=== Material provided ===

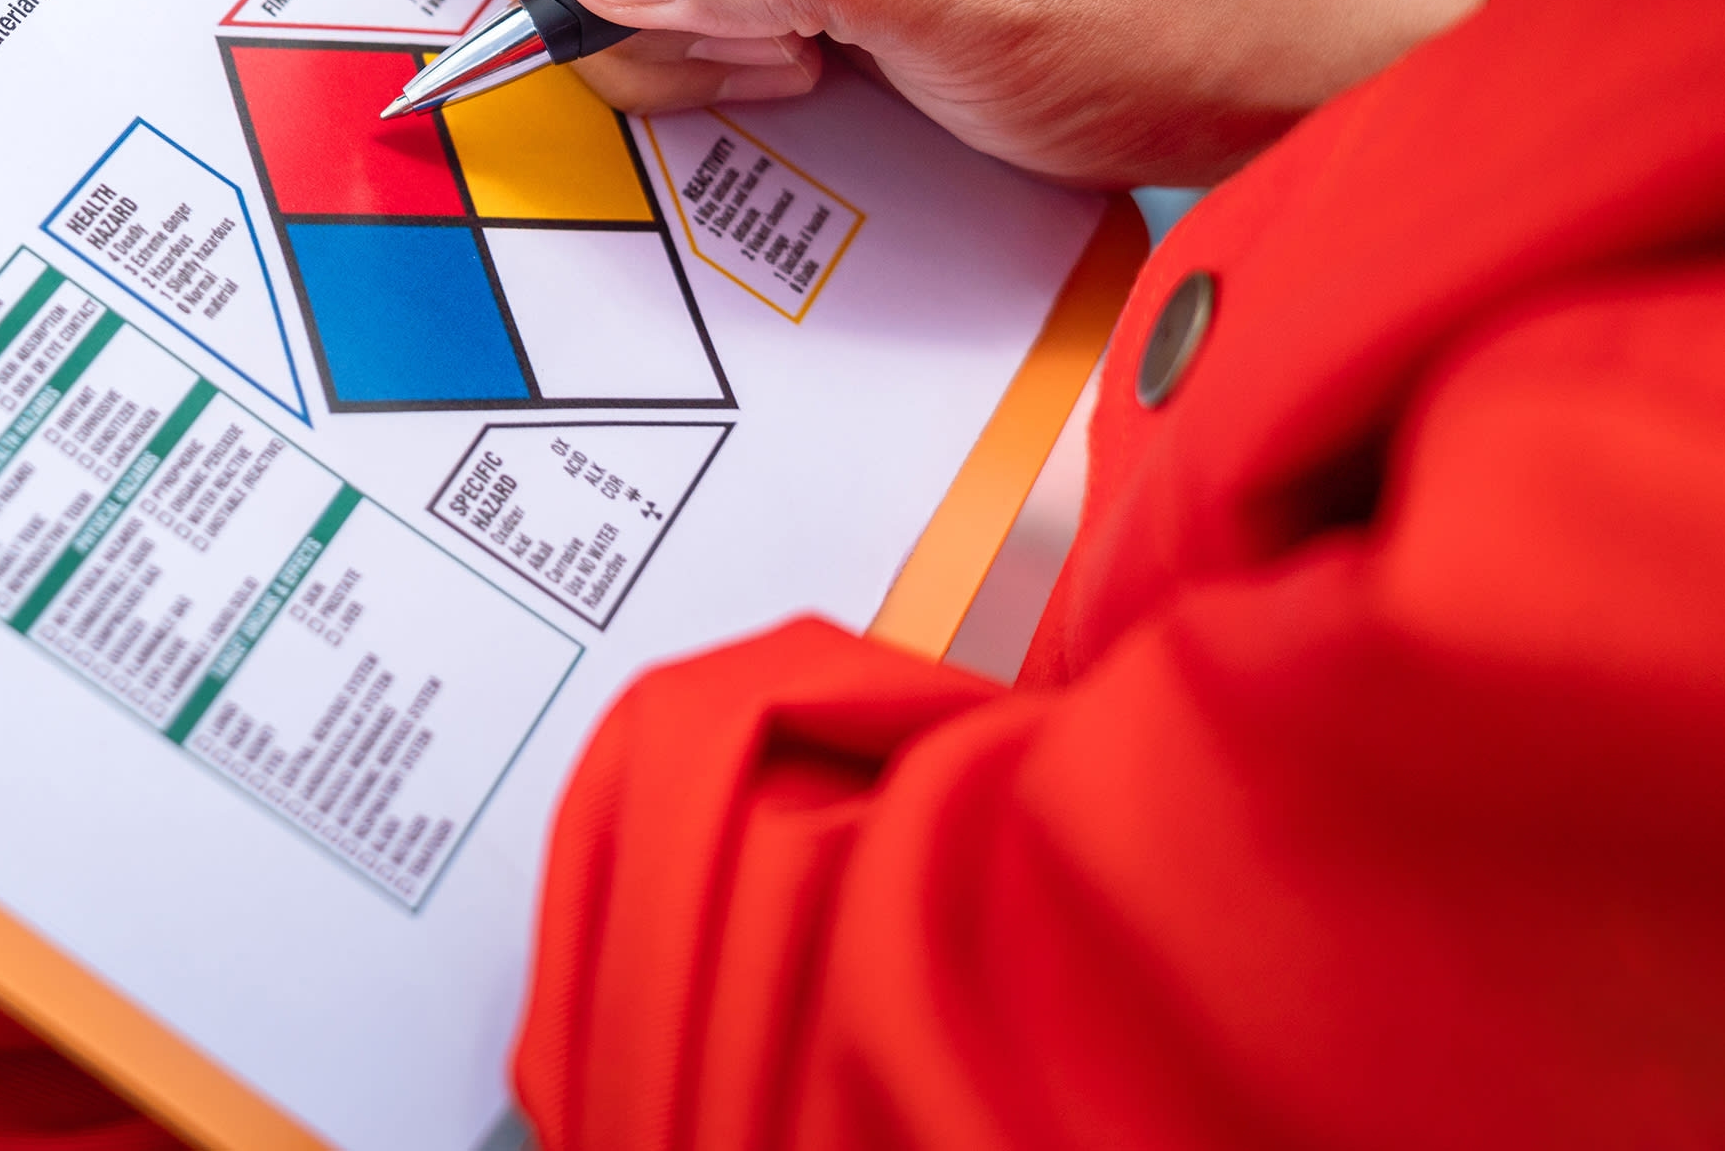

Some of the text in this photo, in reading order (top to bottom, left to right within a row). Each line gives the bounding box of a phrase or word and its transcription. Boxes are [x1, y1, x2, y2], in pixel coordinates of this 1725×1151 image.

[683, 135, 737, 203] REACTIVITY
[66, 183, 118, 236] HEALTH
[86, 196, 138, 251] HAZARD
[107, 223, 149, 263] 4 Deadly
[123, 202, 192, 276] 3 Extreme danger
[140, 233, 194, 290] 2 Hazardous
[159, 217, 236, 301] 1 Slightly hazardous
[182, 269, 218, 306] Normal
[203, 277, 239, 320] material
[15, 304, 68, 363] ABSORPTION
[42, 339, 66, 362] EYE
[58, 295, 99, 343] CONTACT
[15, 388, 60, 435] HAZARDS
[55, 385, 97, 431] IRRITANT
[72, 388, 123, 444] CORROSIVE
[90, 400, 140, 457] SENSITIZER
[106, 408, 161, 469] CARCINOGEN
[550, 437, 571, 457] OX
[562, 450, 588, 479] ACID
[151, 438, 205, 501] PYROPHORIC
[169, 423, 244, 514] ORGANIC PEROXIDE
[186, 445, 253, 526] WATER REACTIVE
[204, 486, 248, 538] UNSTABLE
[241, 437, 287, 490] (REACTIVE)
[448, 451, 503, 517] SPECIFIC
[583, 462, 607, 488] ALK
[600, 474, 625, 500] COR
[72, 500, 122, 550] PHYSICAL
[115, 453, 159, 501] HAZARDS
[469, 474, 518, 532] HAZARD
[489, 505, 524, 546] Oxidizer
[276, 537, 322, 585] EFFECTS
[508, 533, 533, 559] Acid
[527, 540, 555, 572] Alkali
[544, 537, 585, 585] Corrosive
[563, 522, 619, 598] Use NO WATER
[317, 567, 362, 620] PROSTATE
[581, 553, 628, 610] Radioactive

===

Copy out the entries above in full and exactly, skipping every picture.

Some of the text in this photo, in reading order (top to bottom, left to right within a row). Each line gives the bounding box of a phrase or word and its transcription. Boxes are [x1, y1, x2, y2], in pixel coordinates of this 1725×1151 image.

[683, 135, 737, 203] REACTIVITY
[66, 183, 118, 236] HEALTH
[86, 196, 138, 251] HAZARD
[107, 223, 149, 263] 4 Deadly
[123, 202, 192, 276] 3 Extreme danger
[140, 233, 194, 290] 2 Hazardous
[159, 217, 236, 301] 1 Slightly hazardous
[182, 269, 218, 306] Normal
[203, 277, 239, 320] material
[15, 304, 68, 363] ABSORPTION
[42, 339, 66, 362] EYE
[58, 295, 99, 343] CONTACT
[15, 388, 60, 435] HAZARDS
[55, 385, 97, 431] IRRITANT
[72, 388, 123, 444] CORROSIVE
[90, 400, 140, 457] SENSITIZER
[106, 408, 161, 469] CARCINOGEN
[550, 437, 571, 457] OX
[562, 450, 588, 479] ACID
[151, 438, 205, 501] PYROPHORIC
[169, 423, 244, 514] ORGANIC PEROXIDE
[186, 445, 253, 526] WATER REACTIVE
[204, 486, 248, 538] UNSTABLE
[241, 437, 287, 490] (REACTIVE)
[448, 451, 503, 517] SPECIFIC
[583, 462, 607, 488] ALK
[600, 474, 625, 500] COR
[72, 500, 122, 550] PHYSICAL
[115, 453, 159, 501] HAZARDS
[469, 474, 518, 532] HAZARD
[489, 505, 524, 546] Oxidizer
[276, 537, 322, 585] EFFECTS
[508, 533, 533, 559] Acid
[527, 540, 555, 572] Alkali
[544, 537, 585, 585] Corrosive
[563, 522, 619, 598] Use NO WATER
[317, 567, 362, 620] PROSTATE
[581, 553, 628, 610] Radioactive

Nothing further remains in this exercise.